This peppy sauce dish freezes well and is perfect for thawing overnight in the refrigerator. Making dinner in the evening can be as simple as microwaving it gently for a few minutes and pouring it over hot cooked pasta!
- 4 T. margarine
- 2 c. chopped onion
- 8 cloves garlic, minced
- 8 T. flour
- 1/2 tsp. pepper
- 5 1/3 c. milk
- 6 c. shredded Swiss cheese
- 4 (15 oz.) cans great northern beans, rinsed and drained
- 4 (4 oz.) cans diced chili peppers, rinsed and drained
- 4 c. hot cooked penne pasta
- 1 c. diced fresh tomatoes
- Shredded parmesan cheese (optional)
Melt the margarine in a medium saucepan over medium-high heat. Add the onion and garlic and cook until the onion is tender, but not browned.

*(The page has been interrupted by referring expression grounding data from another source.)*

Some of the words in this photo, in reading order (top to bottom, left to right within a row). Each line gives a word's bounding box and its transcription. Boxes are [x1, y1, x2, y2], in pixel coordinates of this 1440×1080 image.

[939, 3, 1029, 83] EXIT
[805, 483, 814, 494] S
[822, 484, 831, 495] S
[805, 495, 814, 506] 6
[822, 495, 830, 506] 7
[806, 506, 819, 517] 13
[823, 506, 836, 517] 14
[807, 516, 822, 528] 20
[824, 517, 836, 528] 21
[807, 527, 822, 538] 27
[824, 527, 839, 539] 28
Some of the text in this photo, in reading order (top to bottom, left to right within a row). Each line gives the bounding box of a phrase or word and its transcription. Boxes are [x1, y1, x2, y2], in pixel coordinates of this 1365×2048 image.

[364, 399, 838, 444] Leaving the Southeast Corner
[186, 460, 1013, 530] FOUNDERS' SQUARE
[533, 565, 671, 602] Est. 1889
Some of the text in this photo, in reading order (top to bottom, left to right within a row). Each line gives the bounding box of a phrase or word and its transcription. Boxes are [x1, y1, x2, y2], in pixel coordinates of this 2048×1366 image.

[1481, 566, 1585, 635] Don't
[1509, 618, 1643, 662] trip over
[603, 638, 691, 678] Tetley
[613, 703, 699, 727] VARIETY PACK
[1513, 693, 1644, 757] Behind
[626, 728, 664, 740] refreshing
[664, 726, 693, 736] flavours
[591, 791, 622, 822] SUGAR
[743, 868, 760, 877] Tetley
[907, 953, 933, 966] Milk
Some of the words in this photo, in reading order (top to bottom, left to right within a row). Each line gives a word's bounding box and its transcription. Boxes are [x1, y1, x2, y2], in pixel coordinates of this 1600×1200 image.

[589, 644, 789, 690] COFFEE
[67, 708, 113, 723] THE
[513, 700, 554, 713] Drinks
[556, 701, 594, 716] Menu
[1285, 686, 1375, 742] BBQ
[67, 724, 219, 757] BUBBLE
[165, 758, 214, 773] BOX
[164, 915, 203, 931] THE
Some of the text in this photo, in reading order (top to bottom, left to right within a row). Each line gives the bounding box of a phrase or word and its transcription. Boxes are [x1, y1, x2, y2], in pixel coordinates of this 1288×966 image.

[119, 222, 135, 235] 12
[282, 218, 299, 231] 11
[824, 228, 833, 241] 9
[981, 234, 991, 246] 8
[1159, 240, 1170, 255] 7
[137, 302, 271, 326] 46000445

Stir in the flour and pepper. Add the milk all at once. Cook and stir the mixture over medium heat until it becomes thickened and bubbly.
Add the cheese and stir until it is melted. Stir in the beans and chili peppers.
To freeze the sauce, spoon the mixture evenly into carefully labeled 4-serving freezer containers. Seal the containers and freeze for up to 6 months.
To serve the sauce, warm the sauce in a microwave-safe container for 5 minutes at medium power. Stir the sauce halfway through. Pour the hot sauce over prepared pasta and garnish with tomatoes and cheese, if desired.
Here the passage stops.